[Data provided]
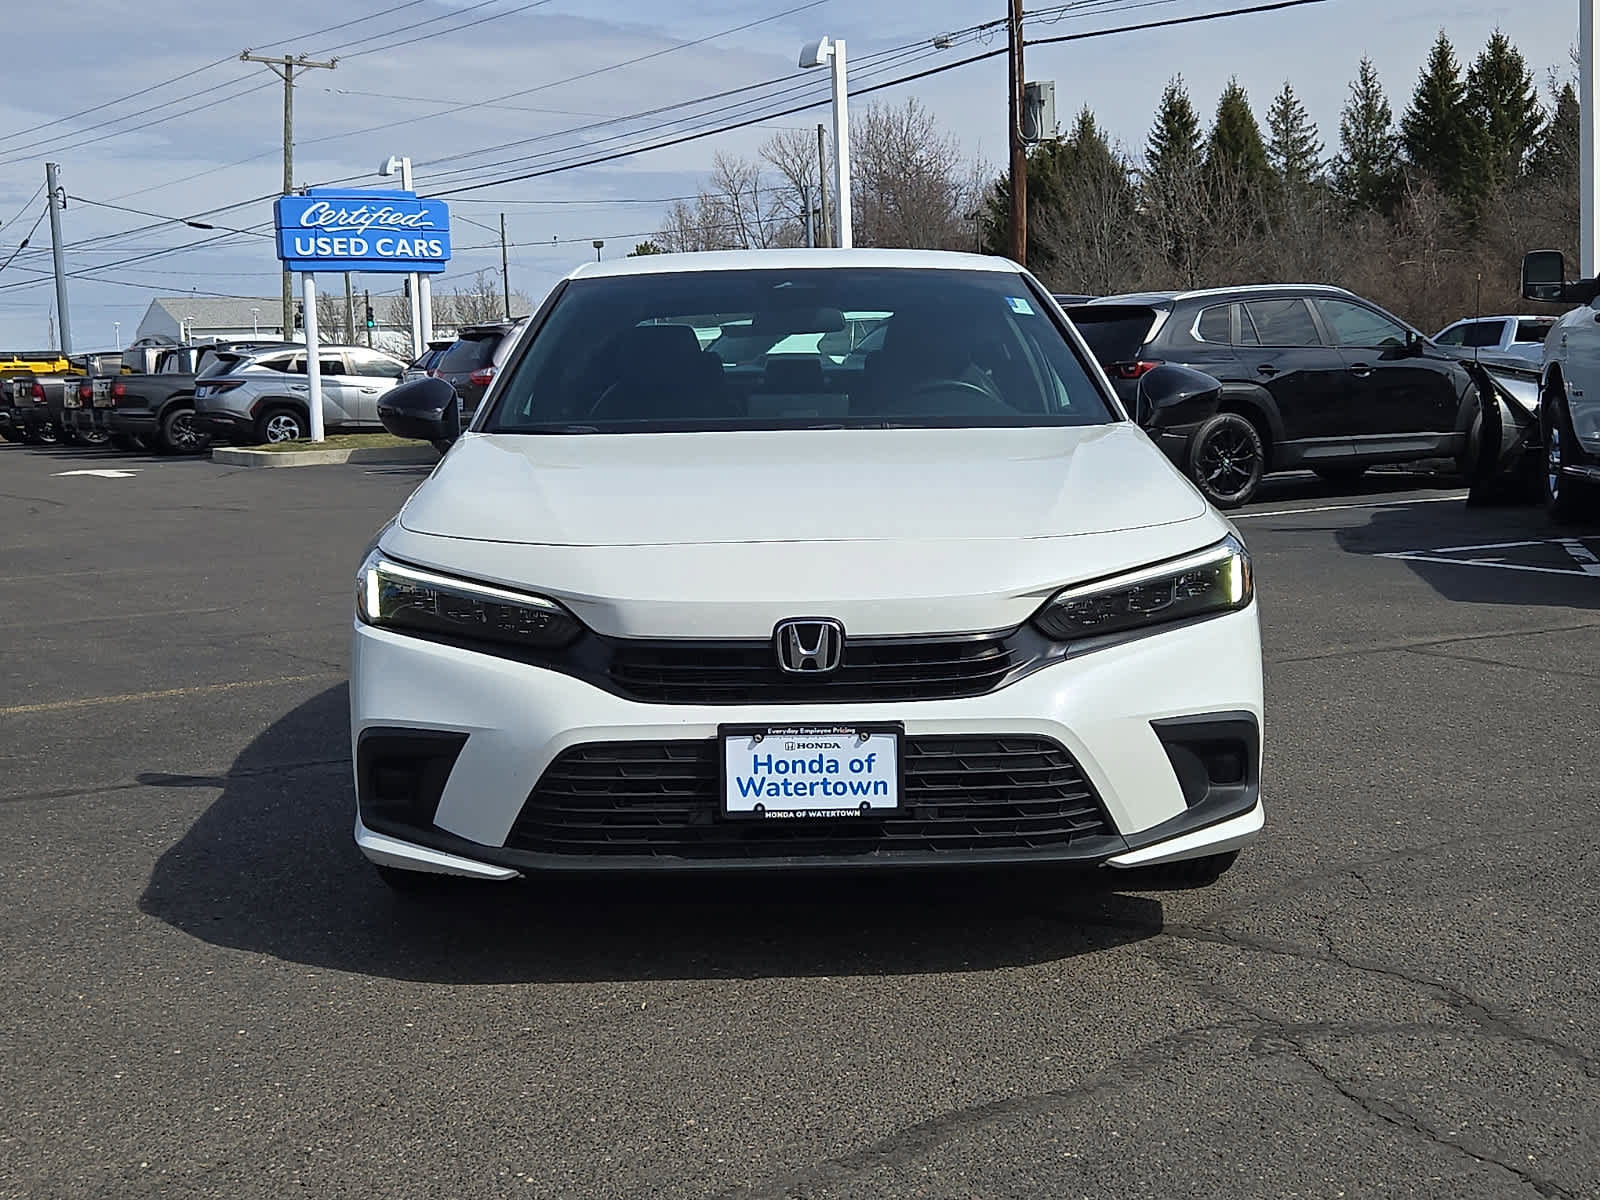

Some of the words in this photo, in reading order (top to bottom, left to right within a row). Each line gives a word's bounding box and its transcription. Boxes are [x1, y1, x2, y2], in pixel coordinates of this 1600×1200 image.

[300, 201, 434, 235] Certified
[295, 237, 369, 256] USED
[375, 238, 443, 257] CARS
[832, 726, 856, 734] Pricing
[753, 753, 839, 774] Honda
[849, 752, 876, 773] of
[736, 776, 888, 798] Watertown
[808, 810, 861, 818] WATERTOWN
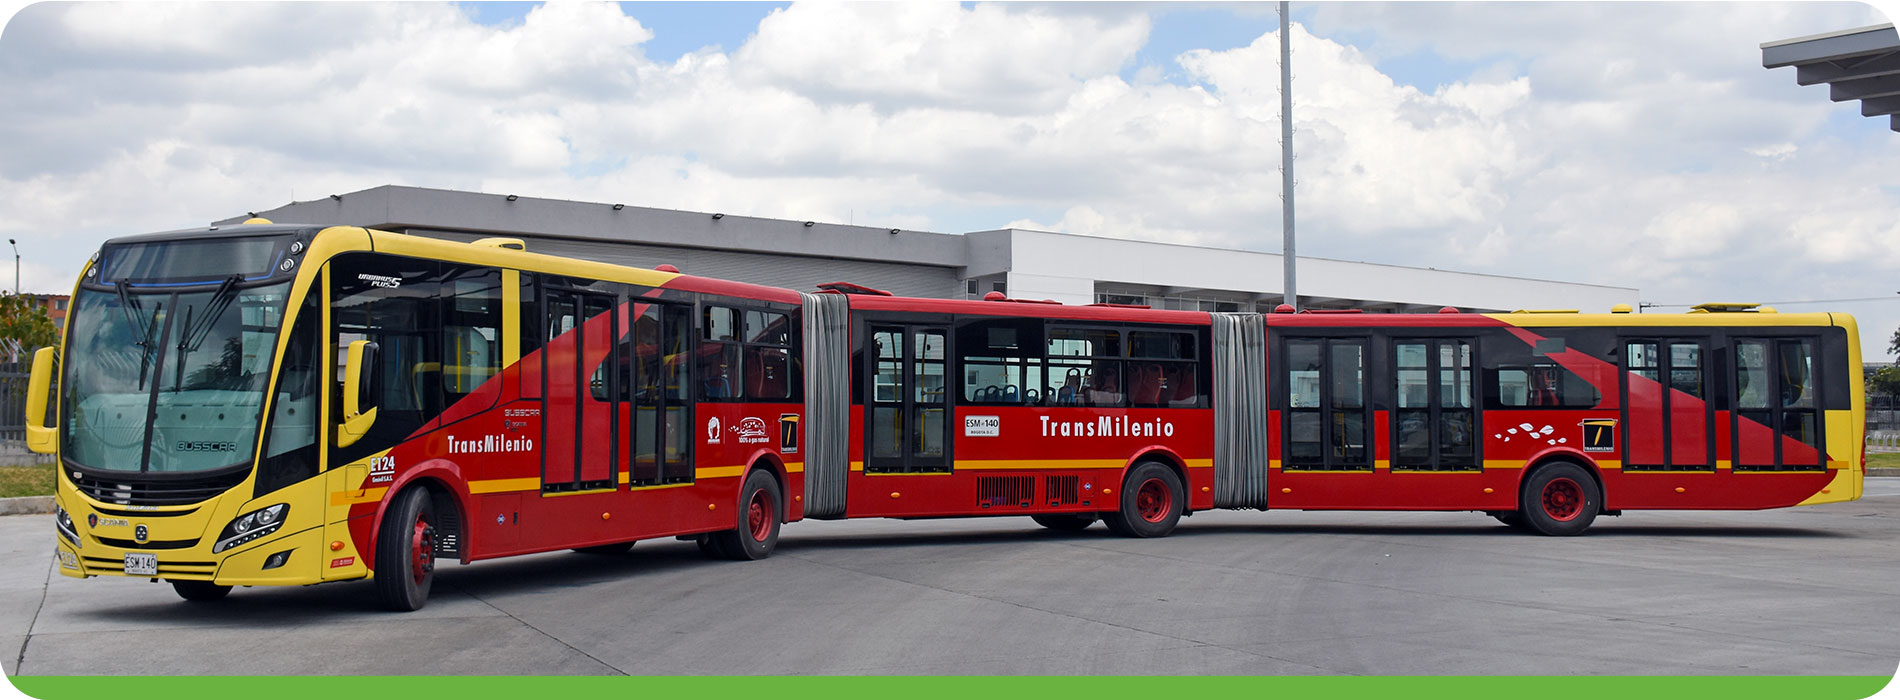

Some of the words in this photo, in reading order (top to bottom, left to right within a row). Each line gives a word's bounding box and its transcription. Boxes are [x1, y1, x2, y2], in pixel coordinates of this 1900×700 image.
[/Data provided]
## Task to complete
Each record above is to be written out exactly; the pictures are not.

## Result
Some of the words in this photo, in reading order (top to bottom, left to right within a row). Each line gives a word's bounding box and its transcription. Boxes are [x1, y1, x2, y2], in pixel coordinates of this 1600×1200 image.

[300, 201, 434, 235] Certified
[295, 237, 369, 256] USED
[375, 238, 443, 257] CARS
[832, 726, 856, 734] Pricing
[753, 753, 839, 774] Honda
[849, 752, 876, 773] of
[736, 776, 888, 798] Watertown
[808, 810, 861, 818] WATERTOWN

Some of the words in this photo, in reading order (top to bottom, left to right within a row). Each line gives a word's bounding box and its transcription. Boxes are [x1, y1, x2, y2], in pixel coordinates of this 1900×700 image.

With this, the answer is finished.